Dispersion Interaction between Two Hydrogen Atoms in a Static Electric Field

TL;DR

This paper demonstrates how an external static electric field can significantly alter the dispersion interactions between two hydrogen atoms, enabling control over the force's magnitude and nature, including turning attraction into repulsion.

Contribution

It reveals that external static electric fields can modify and control the dispersion interactions between atoms, including changing their sign and strength, which was not previously established.

Findings

External electric fields can change the space dependence of dispersion forces.

Under certain configurations, dispersion forces can be turned from attractive to repulsive.

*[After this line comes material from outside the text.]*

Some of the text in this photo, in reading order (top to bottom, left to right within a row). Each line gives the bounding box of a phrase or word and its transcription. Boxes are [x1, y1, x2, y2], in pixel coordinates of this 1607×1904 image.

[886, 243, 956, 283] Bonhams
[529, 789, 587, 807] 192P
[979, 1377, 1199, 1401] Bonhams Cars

The field-induced modifications are significant at typical interatomic distances and achievable field strengths.

Abstract

We consider the dispersion interaction between two ground-state hydrogen atoms, interacting with the quantum electromagnetic field in the vacuum state, in the presence of an external static electric field, both in the nonretarded and in the retarded Casimir-Polder regime. We show that the presence of the external field strongly modifies the dispersion interaction between the atoms, changing its space dependence. Moreover, we find that, for specific geometrical configurations of the two atoms with respect to the external field and/or the relative orientation of the fields acting on the two atoms, it is possible to change the character of the dispersion force, turning it from attractive to repulsive, or even make it vanishing. This new finding clearly shows the possibility to control and tailor interatomic dispersion interactions through external actions. By a numerical estimate of the field-modified interaction, we show that at typical interatomic distances the change of the interaction's strength can match or even outmatch the unperturbed interaction; this can be obtained for values of the external field that can be currently achieved in the laboratory, and sufficiently weak to be taken into account perturbatively.